## Entries provided
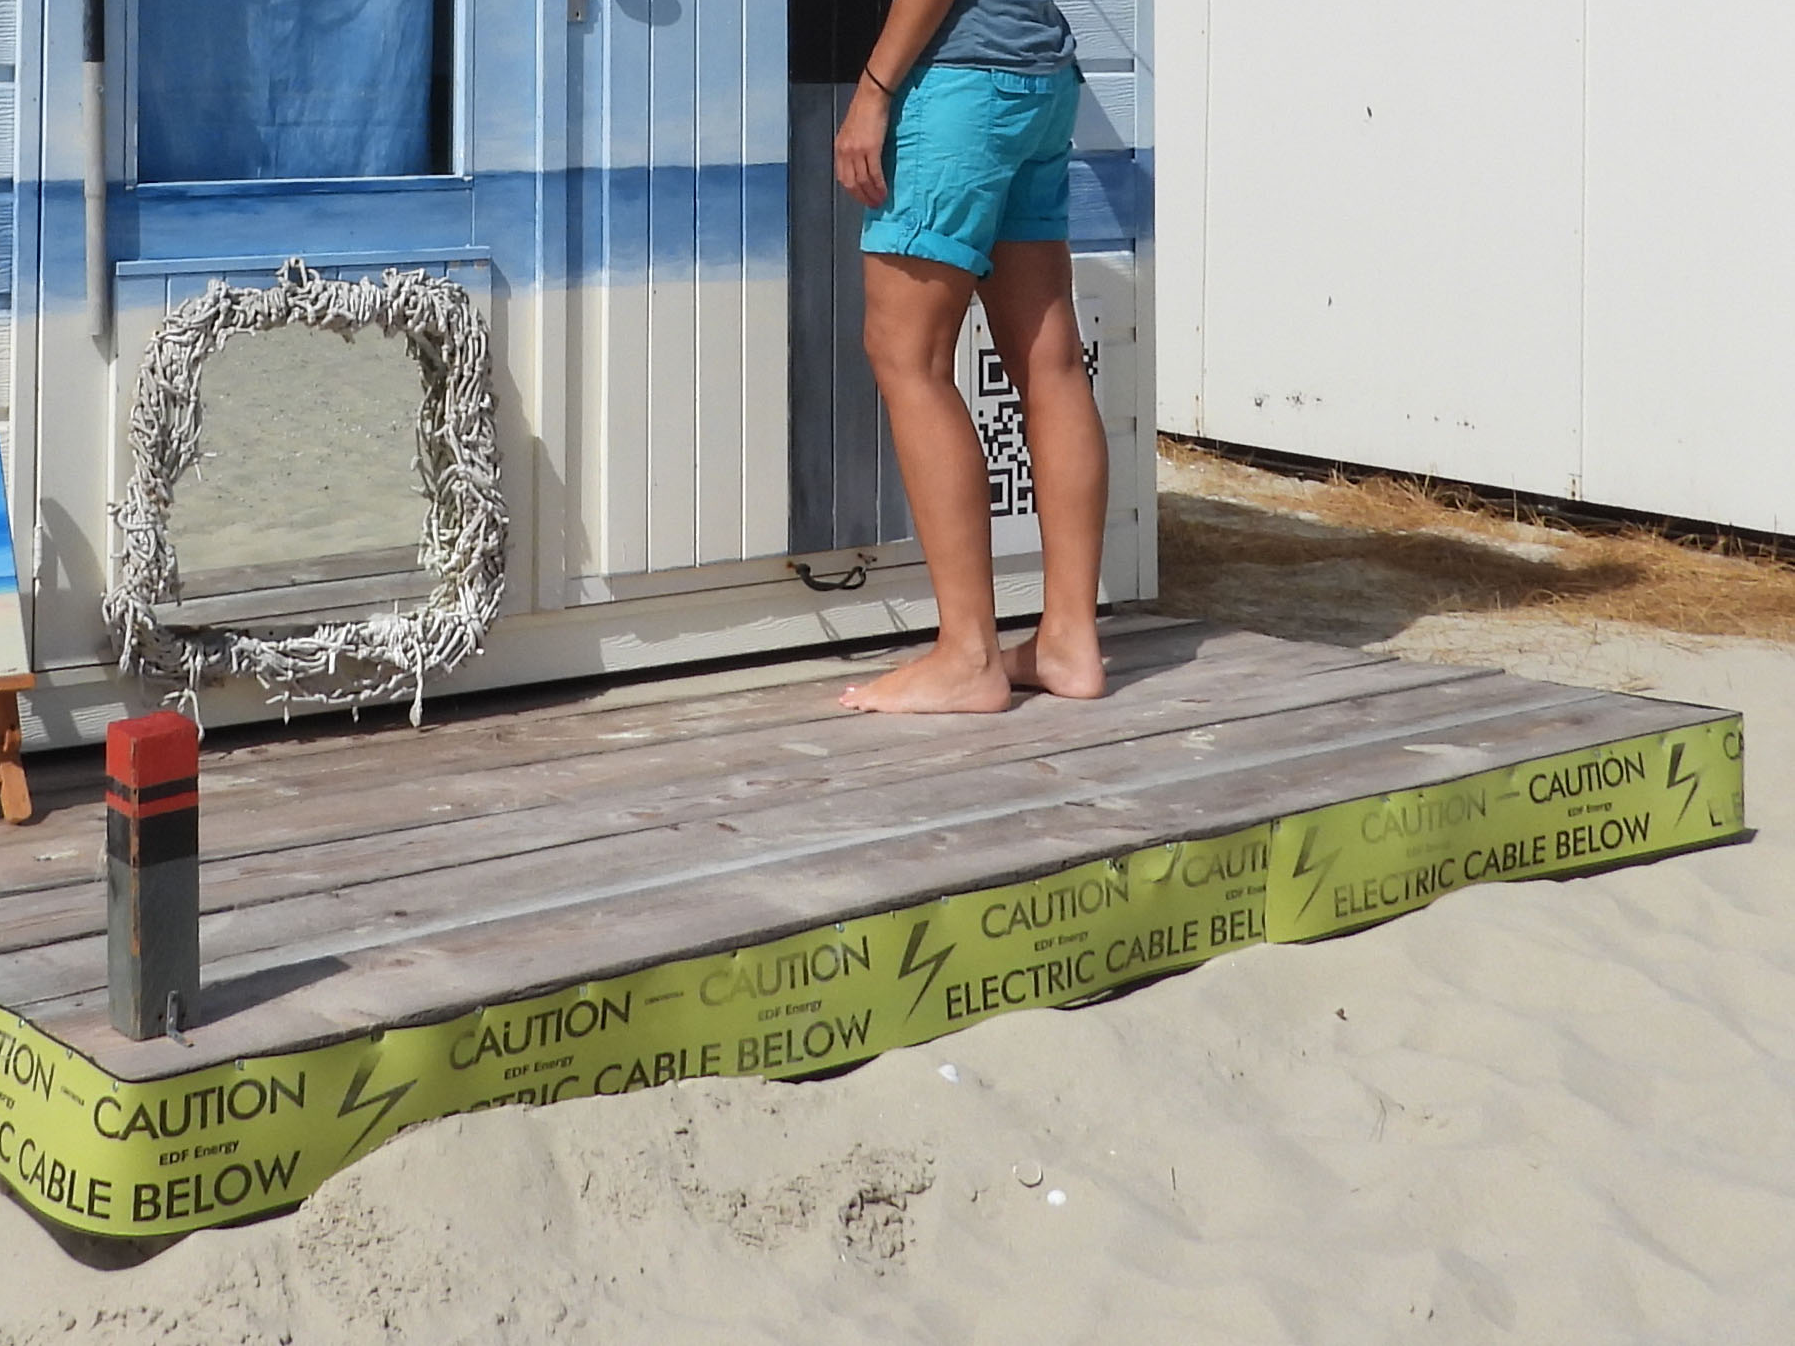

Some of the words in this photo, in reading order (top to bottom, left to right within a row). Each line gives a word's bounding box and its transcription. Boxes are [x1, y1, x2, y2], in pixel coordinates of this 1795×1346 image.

[1362, 788, 1486, 844] CAUTION
[1529, 751, 1646, 804] CAUTION
[981, 866, 1128, 938] CAUTION
[1334, 858, 1455, 918] ELECTRIC
[1464, 839, 1545, 881] CABLE
[1556, 812, 1651, 860] BELOW
[449, 990, 631, 1070] CAUTION
[699, 935, 871, 1006] CAUTION
[946, 950, 1095, 1020] ELECTRIC
[1106, 919, 1198, 975] CABLE
[505, 1064, 531, 1081] EDF
[534, 1055, 574, 1072] Energy
[594, 1043, 721, 1097] CABLE
[738, 1009, 872, 1073] BELOW
[94, 1071, 306, 1140] CAUTION
[19, 1139, 113, 1221] CABLE
[132, 1151, 301, 1223] BELOW
[159, 1149, 189, 1166] EDF
[194, 1140, 240, 1159] Energy
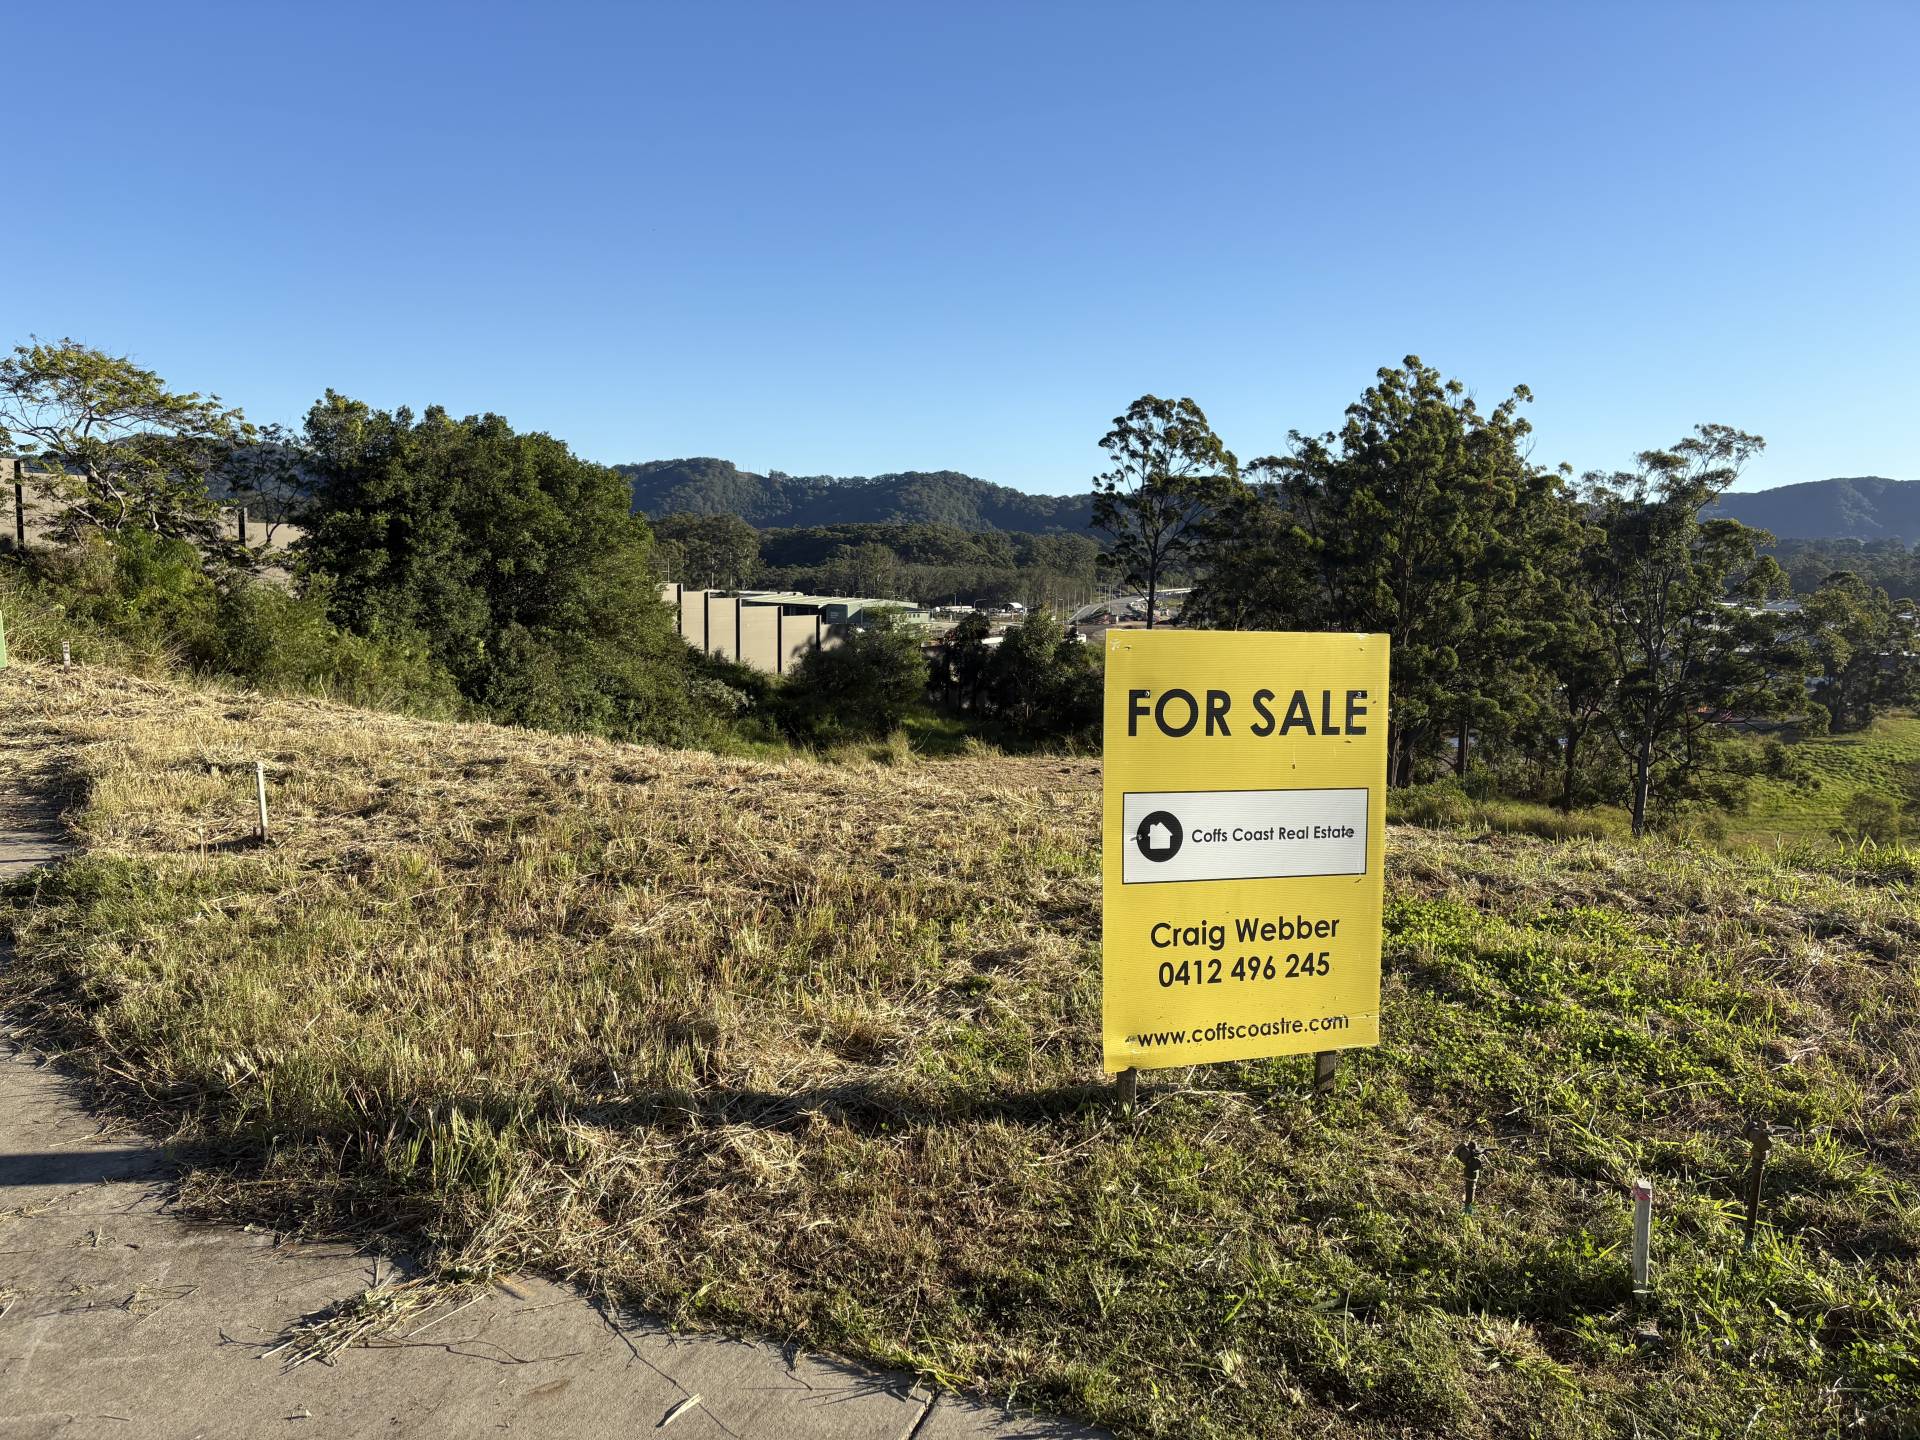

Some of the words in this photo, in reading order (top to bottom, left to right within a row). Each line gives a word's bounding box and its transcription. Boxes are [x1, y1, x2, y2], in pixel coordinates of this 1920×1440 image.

[1127, 688, 1232, 738] FOR
[1250, 688, 1368, 738] SALE
[1191, 828, 1228, 843] Coffs
[1232, 827, 1275, 842] Coast
[1278, 825, 1309, 840] Real
[1313, 824, 1355, 839] Estate
[1150, 919, 1225, 951] Craig
[1234, 914, 1340, 943] Webber
[1158, 958, 1222, 988] 0412
[1230, 955, 1276, 982] 496
[1284, 951, 1330, 979] 245
[1137, 1014, 1350, 1047] www.coffscoastre.com

## Work item
Reproduce the records above exactly, starting with the line that contains "this 1920×1440 image." and ending with the last line.

## Solution to the exercise
Some of the words in this photo, in reading order (top to bottom, left to right within a row). Each line gives a word's bounding box and its transcription. Boxes are [x1, y1, x2, y2], in pixel coordinates of this 1920×1440 image.

[1127, 688, 1232, 738] FOR
[1250, 688, 1368, 738] SALE
[1191, 828, 1228, 843] Coffs
[1232, 827, 1275, 842] Coast
[1278, 825, 1309, 840] Real
[1313, 824, 1355, 839] Estate
[1150, 919, 1225, 951] Craig
[1234, 914, 1340, 943] Webber
[1158, 958, 1222, 988] 0412
[1230, 955, 1276, 982] 496
[1284, 951, 1330, 979] 245
[1137, 1014, 1350, 1047] www.coffscoastre.com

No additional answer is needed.